***** Dataset excerpts *****
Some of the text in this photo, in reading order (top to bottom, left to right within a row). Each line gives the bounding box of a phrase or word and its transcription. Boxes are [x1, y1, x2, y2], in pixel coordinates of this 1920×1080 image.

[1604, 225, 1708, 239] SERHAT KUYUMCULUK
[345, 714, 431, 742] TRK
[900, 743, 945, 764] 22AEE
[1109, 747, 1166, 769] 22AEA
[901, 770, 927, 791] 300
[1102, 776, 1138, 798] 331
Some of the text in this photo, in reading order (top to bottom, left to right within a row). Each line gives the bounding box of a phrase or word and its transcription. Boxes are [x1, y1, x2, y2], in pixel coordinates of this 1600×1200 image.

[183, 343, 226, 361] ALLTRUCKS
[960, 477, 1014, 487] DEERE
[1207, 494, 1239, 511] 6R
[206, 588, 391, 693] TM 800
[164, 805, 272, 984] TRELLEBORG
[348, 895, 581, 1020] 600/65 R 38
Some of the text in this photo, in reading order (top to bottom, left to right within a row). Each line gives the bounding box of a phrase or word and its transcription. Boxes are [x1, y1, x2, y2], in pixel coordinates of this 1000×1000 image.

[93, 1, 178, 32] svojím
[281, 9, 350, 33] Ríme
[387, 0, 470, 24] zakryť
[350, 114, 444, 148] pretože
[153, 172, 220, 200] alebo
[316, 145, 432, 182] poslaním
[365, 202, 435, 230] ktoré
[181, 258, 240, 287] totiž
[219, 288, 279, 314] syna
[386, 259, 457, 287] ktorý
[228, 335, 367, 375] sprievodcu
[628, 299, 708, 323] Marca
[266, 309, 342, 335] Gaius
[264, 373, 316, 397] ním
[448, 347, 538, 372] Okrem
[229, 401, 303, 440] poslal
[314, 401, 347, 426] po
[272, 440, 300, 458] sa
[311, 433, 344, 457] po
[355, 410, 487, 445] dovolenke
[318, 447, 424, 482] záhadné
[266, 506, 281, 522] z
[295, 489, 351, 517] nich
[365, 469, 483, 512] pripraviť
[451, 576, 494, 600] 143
*****
• **Work to be completed**
Give the entries again exactly, every one.

• **Reply**
Some of the text in this photo, in reading order (top to bottom, left to right within a row). Each line gives the bounding box of a phrase or word and its transcription. Boxes are [x1, y1, x2, y2], in pixel coordinates of this 1920×1080 image.

[1604, 225, 1708, 239] SERHAT KUYUMCULUK
[345, 714, 431, 742] TRK
[900, 743, 945, 764] 22AEE
[1109, 747, 1166, 769] 22AEA
[901, 770, 927, 791] 300
[1102, 776, 1138, 798] 331
Some of the text in this photo, in reading order (top to bottom, left to right within a row). Each line gives the bounding box of a phrase or word and its transcription. Boxes are [x1, y1, x2, y2], in pixel coordinates of this 1600×1200 image.

[183, 343, 226, 361] ALLTRUCKS
[960, 477, 1014, 487] DEERE
[1207, 494, 1239, 511] 6R
[206, 588, 391, 693] TM 800
[164, 805, 272, 984] TRELLEBORG
[348, 895, 581, 1020] 600/65 R 38
Some of the text in this photo, in reading order (top to bottom, left to right within a row). Each line gives the bounding box of a phrase or word and its transcription. Boxes are [x1, y1, x2, y2], in pixel coordinates of this 1000×1000 image.

[93, 1, 178, 32] svojím
[281, 9, 350, 33] Ríme
[387, 0, 470, 24] zakryť
[350, 114, 444, 148] pretože
[153, 172, 220, 200] alebo
[316, 145, 432, 182] poslaním
[365, 202, 435, 230] ktoré
[181, 258, 240, 287] totiž
[219, 288, 279, 314] syna
[386, 259, 457, 287] ktorý
[228, 335, 367, 375] sprievodcu
[628, 299, 708, 323] Marca
[266, 309, 342, 335] Gaius
[264, 373, 316, 397] ním
[448, 347, 538, 372] Okrem
[229, 401, 303, 440] poslal
[314, 401, 347, 426] po
[272, 440, 300, 458] sa
[311, 433, 344, 457] po
[355, 410, 487, 445] dovolenke
[318, 447, 424, 482] záhadné
[266, 506, 281, 522] z
[295, 489, 351, 517] nich
[365, 469, 483, 512] pripraviť
[451, 576, 494, 600] 143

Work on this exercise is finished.